In an interview with NHL Network, Bettman reiterated that the league hopes to play a full 82-game season and have fans in arenas. Bettman said planning discussions with the NHL Players' Association will begin shortly after the free-agency period, which begins Friday.
When the NHL and NHLPA revealed their return-to-play initiatives in July, they targeted Dec. 1 to begin next season, though that date was fluid. The NHL completed its 2019-20 season last month, when the Tampa Bay Lightning won the Stanley Cup, defeating the Dallas Stars in the Edmonton, Alberta, bubble.
The NHL draft is being held virtually Tuesday and Wednesday.
Among the items the NHL and NHLPA must discuss for next season are the format and the schedule, as well as health and safety initiatives. Although the players agreed that bubbles were necessary to complete the 2020 postseason -- a two-month tournament that took place in Edmonton and Toronto -- their preference is to avoid them for next season.
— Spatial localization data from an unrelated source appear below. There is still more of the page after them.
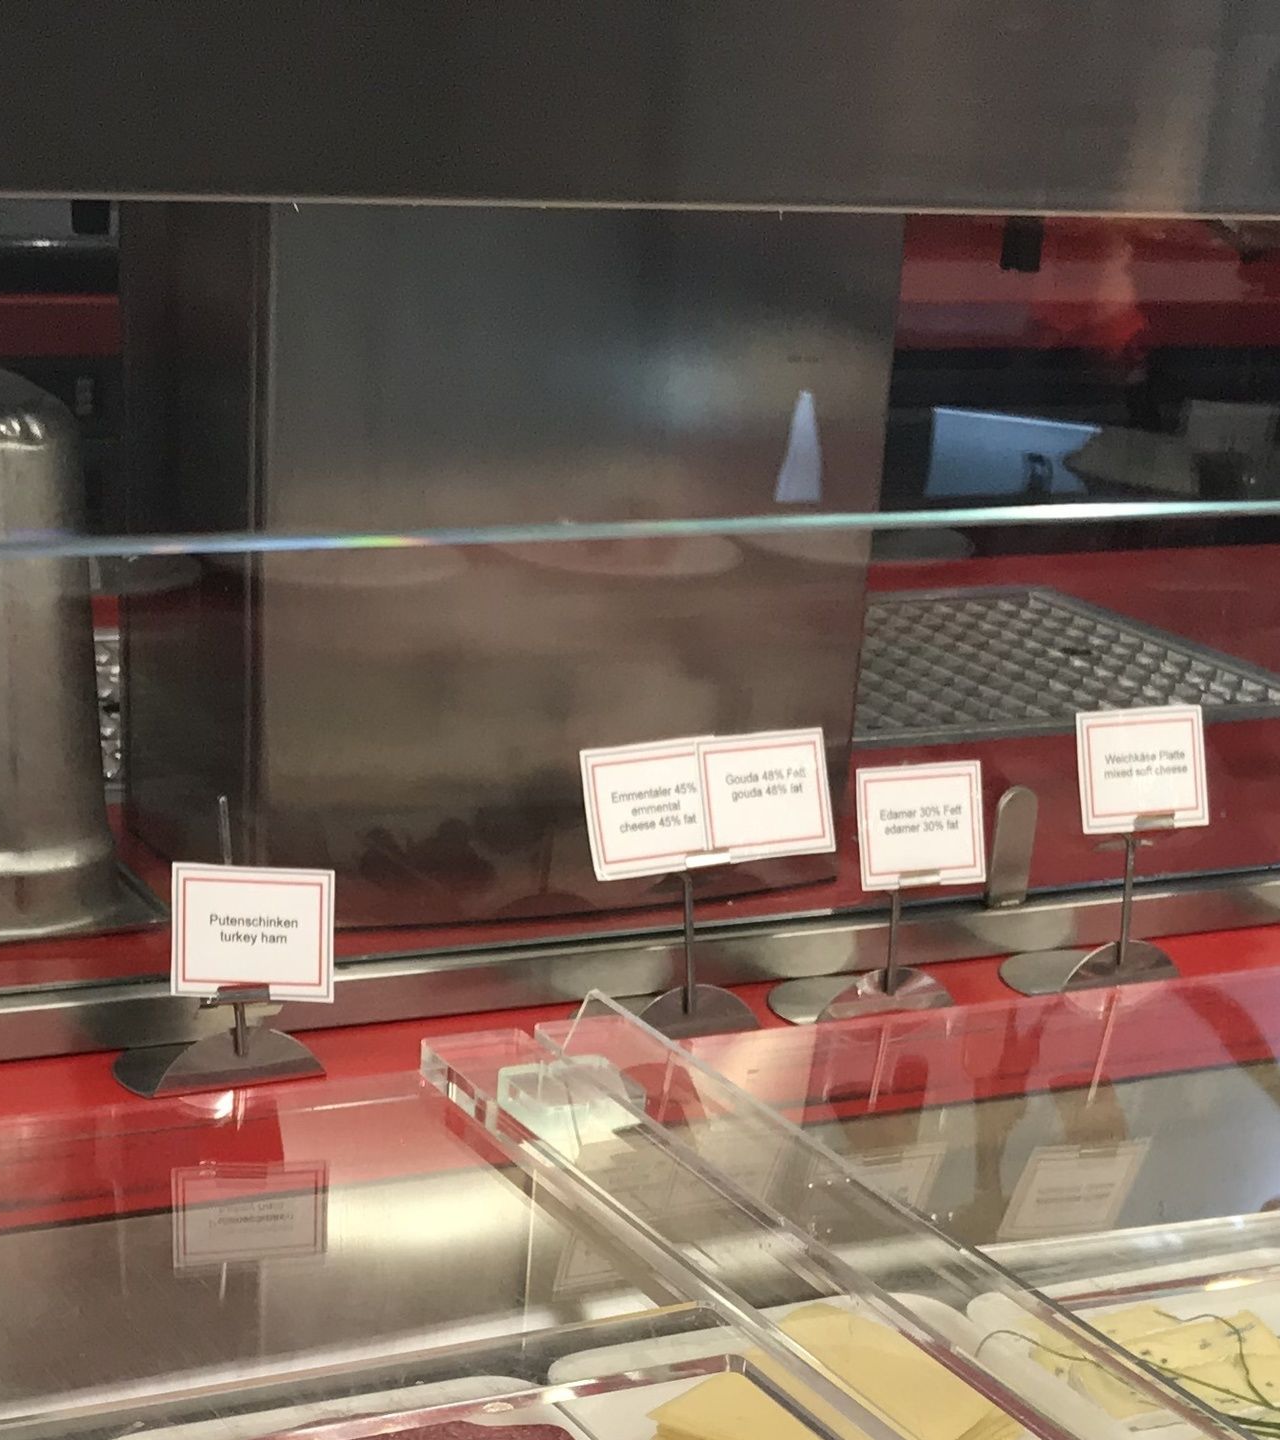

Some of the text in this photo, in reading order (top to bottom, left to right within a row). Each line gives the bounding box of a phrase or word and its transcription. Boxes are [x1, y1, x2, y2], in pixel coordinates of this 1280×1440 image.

[1105, 750, 1185, 764] Weichkäse Platte
[725, 772, 759, 786] Gouda
[762, 770, 784, 781] 48%
[1105, 764, 1188, 778] mixed soft cheese
[611, 782, 697, 803] Emmentaler 45%
[731, 788, 762, 802] gouda
[790, 783, 803, 793] fat
[631, 801, 680, 817] emmental
[880, 805, 961, 821] Edamer 30% Fett
[620, 814, 697, 833] cheese 45% fat
[885, 820, 958, 835] edamer 30% fat
[209, 914, 298, 928] Putenschinken
[220, 932, 287, 945] turkey ham
The bubble postseason was a success from a health and safety perspective. The NHL conducted daily COVID-19 testing for all players and staffers for two months, and it reported zero confirmed cases. Players, however, were less than pleased with the amenities and were frustrated that their family members were largely unable to join them later in the tournament, counter to what was originally promised.
The NHL is a gate-driven league, and it would take a significant financial hit if fans were not allowed in buildings next season.
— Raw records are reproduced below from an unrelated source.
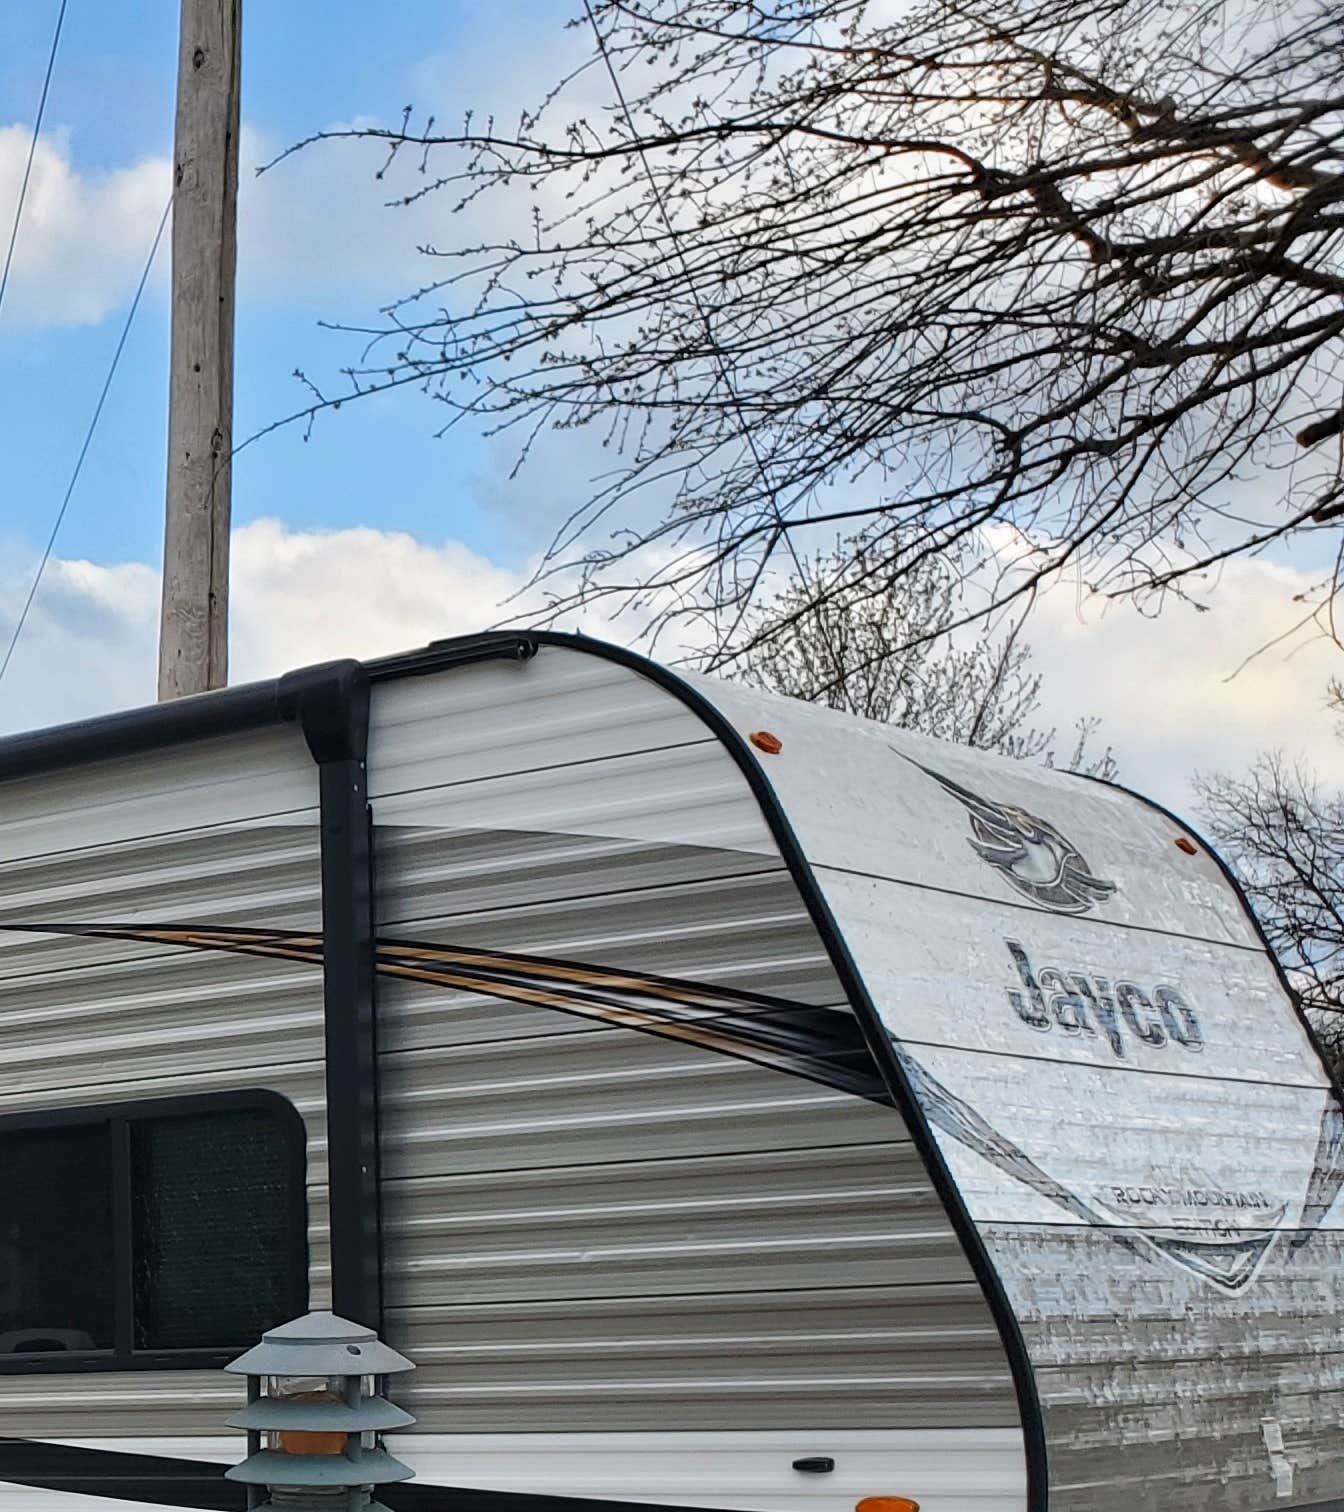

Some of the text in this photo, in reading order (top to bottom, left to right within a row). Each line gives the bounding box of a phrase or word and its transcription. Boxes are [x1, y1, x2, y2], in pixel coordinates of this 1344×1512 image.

[1003, 937, 1204, 1059] Jayco
[1111, 1187, 1272, 1209] ROCKY MOUNTAIN
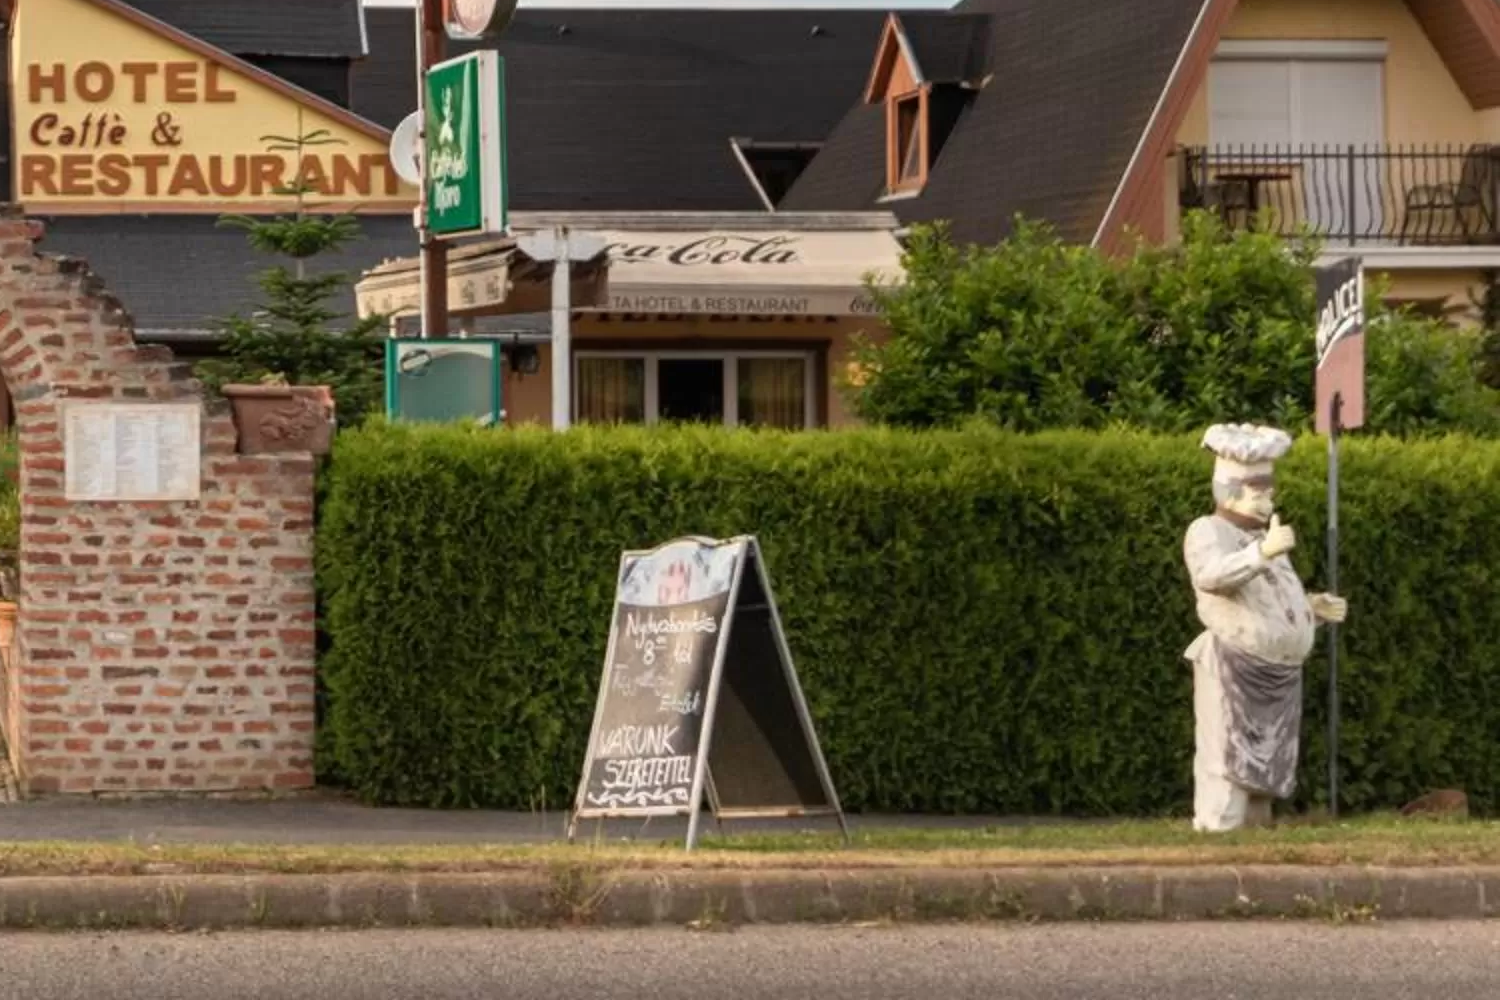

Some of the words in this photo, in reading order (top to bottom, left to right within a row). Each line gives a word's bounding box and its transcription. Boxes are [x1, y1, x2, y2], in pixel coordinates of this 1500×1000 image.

[28, 60, 237, 104] HOTEL
[29, 111, 127, 147] Caffè
[151, 111, 182, 147] &
[21, 153, 399, 197] RESTAURANT
[603, 234, 801, 266] ca-Cola
[612, 295, 631, 309] TA
[635, 295, 685, 310] HOTEL
[691, 295, 701, 310] &
[705, 295, 810, 312] RESTAURANT
"If there's an option to consider, believe me, we're considering it," Bettman said in September. "It's conceivable that we start without fans, that we move to socially distant fans at some point, and by some point in time, maybe our buildings are open."
The NHL will face a serious roadblock if the Canada-United States border does not open for nonessential business. Sources told ESPN that the league is considering, among many other options, an all-Canadian division of teams if the border remains closed.
Teams are allowed to open their facilities for offseason training on Oct. 15. The NHL and NHLPA agreed on a 19-page document of training protocols, which include that a maximum of 12 players can be on the ice at one time and that participants must be tested at least twice weekly for COVID-19. Any player who has had COVID-19 also must undergo a cardiac screening before participation.